(Saved data entries)
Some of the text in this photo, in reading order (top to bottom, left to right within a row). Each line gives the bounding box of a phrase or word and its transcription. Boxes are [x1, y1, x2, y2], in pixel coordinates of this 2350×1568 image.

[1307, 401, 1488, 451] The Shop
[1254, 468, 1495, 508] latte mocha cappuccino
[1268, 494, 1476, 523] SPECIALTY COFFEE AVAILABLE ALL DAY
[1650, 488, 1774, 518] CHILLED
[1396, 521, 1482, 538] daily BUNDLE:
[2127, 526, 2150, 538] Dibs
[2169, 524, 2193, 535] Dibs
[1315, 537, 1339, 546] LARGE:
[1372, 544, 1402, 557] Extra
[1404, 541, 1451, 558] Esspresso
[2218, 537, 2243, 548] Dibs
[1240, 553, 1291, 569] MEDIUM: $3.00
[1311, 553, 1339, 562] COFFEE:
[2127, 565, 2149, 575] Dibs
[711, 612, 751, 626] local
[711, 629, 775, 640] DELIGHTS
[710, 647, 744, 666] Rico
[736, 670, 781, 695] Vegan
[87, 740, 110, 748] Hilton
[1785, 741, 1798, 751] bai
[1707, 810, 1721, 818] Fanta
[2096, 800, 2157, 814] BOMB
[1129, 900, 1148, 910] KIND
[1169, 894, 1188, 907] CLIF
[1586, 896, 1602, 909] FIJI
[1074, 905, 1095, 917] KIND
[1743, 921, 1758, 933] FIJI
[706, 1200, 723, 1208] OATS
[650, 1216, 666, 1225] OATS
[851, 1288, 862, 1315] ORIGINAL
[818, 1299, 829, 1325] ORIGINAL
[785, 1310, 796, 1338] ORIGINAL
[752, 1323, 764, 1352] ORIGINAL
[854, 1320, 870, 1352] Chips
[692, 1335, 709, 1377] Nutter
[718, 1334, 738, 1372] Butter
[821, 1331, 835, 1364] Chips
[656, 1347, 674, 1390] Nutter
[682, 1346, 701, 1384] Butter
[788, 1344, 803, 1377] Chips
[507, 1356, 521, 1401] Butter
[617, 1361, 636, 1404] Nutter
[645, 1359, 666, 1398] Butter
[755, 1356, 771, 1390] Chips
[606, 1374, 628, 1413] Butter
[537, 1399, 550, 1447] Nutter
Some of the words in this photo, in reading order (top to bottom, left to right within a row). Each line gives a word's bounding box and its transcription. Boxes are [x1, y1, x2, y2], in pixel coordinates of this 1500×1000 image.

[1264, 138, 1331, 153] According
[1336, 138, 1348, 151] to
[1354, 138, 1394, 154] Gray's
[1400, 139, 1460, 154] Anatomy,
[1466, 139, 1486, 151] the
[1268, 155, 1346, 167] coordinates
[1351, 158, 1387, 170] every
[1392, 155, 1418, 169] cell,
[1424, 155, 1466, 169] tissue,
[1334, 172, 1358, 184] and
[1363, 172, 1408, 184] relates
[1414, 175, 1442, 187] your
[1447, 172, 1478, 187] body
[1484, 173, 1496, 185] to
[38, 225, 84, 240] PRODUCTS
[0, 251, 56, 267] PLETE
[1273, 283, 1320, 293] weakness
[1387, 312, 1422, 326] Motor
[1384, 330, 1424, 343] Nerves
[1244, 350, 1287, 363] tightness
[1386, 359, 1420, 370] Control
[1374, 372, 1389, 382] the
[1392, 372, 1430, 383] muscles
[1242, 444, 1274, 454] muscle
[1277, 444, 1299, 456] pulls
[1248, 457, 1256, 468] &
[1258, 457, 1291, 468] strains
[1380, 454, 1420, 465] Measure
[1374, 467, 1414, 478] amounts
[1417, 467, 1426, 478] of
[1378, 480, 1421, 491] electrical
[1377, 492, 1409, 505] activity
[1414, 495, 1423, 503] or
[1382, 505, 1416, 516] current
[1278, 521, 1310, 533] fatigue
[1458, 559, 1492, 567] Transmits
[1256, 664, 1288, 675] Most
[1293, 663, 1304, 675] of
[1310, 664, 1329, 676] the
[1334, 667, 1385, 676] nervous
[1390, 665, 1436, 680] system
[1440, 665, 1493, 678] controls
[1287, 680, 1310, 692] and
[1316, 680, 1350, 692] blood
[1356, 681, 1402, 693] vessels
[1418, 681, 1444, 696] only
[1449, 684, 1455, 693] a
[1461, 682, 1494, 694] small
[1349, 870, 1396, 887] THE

Your instructions =>
Search the entries for the word "Dibs", then list each line that holds it.

Response to the task =>
[2127, 526, 2150, 538] Dibs
[2169, 524, 2193, 535] Dibs
[2218, 537, 2243, 548] Dibs
[2127, 565, 2149, 575] Dibs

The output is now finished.